— WHAT YOU SHOULD DO —
When you reach the line containing "this 1331×1997 image." in the data below, reproduce it and every line that follows, exactly and without additions.

(Records from a collection)
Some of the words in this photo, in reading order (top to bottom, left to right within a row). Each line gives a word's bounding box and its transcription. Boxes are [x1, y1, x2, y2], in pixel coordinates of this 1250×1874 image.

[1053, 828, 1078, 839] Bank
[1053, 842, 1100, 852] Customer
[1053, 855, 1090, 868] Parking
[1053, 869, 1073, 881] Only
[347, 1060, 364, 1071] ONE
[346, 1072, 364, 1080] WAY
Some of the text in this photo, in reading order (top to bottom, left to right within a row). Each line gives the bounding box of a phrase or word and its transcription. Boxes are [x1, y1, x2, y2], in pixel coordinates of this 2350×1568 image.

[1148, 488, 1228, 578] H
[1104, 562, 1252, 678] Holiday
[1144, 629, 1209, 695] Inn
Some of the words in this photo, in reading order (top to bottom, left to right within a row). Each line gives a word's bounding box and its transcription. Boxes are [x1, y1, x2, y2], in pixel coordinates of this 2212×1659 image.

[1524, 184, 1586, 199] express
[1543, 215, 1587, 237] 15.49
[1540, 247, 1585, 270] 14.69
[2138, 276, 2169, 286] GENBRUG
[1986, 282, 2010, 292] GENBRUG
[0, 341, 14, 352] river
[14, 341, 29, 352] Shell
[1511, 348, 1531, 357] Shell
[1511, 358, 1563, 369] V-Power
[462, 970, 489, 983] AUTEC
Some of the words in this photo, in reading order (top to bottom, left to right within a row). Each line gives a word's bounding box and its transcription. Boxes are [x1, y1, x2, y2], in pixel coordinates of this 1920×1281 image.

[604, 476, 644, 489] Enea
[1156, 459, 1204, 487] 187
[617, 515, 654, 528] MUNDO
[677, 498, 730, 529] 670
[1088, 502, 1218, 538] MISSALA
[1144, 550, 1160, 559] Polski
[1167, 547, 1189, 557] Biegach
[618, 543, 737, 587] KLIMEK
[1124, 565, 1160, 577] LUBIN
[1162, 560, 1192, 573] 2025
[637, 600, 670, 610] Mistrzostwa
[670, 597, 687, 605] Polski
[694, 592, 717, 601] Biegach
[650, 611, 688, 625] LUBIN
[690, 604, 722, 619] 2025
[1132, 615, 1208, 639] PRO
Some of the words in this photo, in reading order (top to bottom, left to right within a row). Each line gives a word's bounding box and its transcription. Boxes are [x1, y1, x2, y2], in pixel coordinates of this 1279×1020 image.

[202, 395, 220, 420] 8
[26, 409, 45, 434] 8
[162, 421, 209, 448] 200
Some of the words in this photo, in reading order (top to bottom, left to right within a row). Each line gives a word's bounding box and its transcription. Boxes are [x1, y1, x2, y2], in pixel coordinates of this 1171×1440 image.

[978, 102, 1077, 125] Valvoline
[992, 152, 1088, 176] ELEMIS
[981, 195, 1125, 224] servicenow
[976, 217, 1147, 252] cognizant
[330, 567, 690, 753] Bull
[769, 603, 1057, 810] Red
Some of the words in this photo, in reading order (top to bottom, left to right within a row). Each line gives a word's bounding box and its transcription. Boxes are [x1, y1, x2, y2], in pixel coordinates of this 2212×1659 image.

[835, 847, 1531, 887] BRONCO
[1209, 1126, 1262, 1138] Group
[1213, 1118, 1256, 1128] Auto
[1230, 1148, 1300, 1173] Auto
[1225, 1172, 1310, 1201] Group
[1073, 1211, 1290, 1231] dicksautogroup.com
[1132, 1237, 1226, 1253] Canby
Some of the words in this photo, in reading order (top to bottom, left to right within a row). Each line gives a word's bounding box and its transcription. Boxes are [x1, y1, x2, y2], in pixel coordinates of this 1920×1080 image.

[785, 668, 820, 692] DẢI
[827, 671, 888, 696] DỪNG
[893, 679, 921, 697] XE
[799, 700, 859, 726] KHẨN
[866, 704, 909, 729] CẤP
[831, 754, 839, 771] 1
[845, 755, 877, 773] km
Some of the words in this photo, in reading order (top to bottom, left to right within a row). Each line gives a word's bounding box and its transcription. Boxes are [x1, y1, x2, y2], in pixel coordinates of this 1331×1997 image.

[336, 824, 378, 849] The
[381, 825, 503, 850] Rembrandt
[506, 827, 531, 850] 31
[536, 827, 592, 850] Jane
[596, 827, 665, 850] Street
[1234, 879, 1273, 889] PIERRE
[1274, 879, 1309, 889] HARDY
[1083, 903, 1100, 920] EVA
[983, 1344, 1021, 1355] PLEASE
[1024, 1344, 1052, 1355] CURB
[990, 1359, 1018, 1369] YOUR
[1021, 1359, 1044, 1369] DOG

— WRITTEN ANSWER —
Some of the words in this photo, in reading order (top to bottom, left to right within a row). Each line gives a word's bounding box and its transcription. Boxes are [x1, y1, x2, y2], in pixel coordinates of this 1331×1997 image.

[336, 824, 378, 849] The
[381, 825, 503, 850] Rembrandt
[506, 827, 531, 850] 31
[536, 827, 592, 850] Jane
[596, 827, 665, 850] Street
[1234, 879, 1273, 889] PIERRE
[1274, 879, 1309, 889] HARDY
[1083, 903, 1100, 920] EVA
[983, 1344, 1021, 1355] PLEASE
[1024, 1344, 1052, 1355] CURB
[990, 1359, 1018, 1369] YOUR
[1021, 1359, 1044, 1369] DOG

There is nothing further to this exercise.